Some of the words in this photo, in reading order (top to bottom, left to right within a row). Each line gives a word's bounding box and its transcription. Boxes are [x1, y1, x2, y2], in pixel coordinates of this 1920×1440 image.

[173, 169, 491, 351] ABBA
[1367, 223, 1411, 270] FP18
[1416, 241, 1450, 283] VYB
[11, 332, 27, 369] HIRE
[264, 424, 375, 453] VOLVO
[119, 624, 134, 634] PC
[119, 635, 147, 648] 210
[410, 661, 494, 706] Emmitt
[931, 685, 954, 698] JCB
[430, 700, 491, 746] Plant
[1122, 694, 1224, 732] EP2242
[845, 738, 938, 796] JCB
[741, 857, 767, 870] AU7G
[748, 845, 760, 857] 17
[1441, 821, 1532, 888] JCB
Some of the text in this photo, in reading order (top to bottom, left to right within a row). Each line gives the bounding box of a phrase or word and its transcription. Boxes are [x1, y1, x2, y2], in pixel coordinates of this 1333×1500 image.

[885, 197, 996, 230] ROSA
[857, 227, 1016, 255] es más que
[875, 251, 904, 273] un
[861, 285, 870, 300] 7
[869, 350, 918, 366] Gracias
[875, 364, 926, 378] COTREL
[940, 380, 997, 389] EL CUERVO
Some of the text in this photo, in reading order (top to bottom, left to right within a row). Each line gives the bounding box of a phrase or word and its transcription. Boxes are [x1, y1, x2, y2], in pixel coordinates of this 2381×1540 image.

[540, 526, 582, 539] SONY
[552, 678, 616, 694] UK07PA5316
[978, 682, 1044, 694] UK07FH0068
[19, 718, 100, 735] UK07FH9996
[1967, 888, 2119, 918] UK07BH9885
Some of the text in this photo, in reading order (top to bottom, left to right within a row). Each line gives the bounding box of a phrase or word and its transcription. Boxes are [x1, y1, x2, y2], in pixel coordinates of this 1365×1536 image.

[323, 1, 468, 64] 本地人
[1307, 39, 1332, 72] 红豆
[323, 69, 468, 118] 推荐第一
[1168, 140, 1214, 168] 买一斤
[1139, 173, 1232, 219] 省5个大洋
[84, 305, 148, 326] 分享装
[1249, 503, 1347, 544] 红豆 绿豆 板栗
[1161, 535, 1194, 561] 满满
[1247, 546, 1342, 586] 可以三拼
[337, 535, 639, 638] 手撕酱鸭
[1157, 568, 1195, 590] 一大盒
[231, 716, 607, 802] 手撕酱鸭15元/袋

★ ★ ★ ★ ★ ★ ★

(Problem):
The reply must consist solely of the lines from the one containing "this 1365×1536 image." through the last line in the material above, reproduced exactly.

(Answer box):
Some of the text in this photo, in reading order (top to bottom, left to right within a row). Each line gives the bounding box of a phrase or word and its transcription. Boxes are [x1, y1, x2, y2], in pixel coordinates of this 1365×1536 image.

[323, 1, 468, 64] 本地人
[1307, 39, 1332, 72] 红豆
[323, 69, 468, 118] 推荐第一
[1168, 140, 1214, 168] 买一斤
[1139, 173, 1232, 219] 省5个大洋
[84, 305, 148, 326] 分享装
[1249, 503, 1347, 544] 红豆 绿豆 板栗
[1161, 535, 1194, 561] 满满
[1247, 546, 1342, 586] 可以三拼
[337, 535, 639, 638] 手撕酱鸭
[1157, 568, 1195, 590] 一大盒
[231, 716, 607, 802] 手撕酱鸭15元/袋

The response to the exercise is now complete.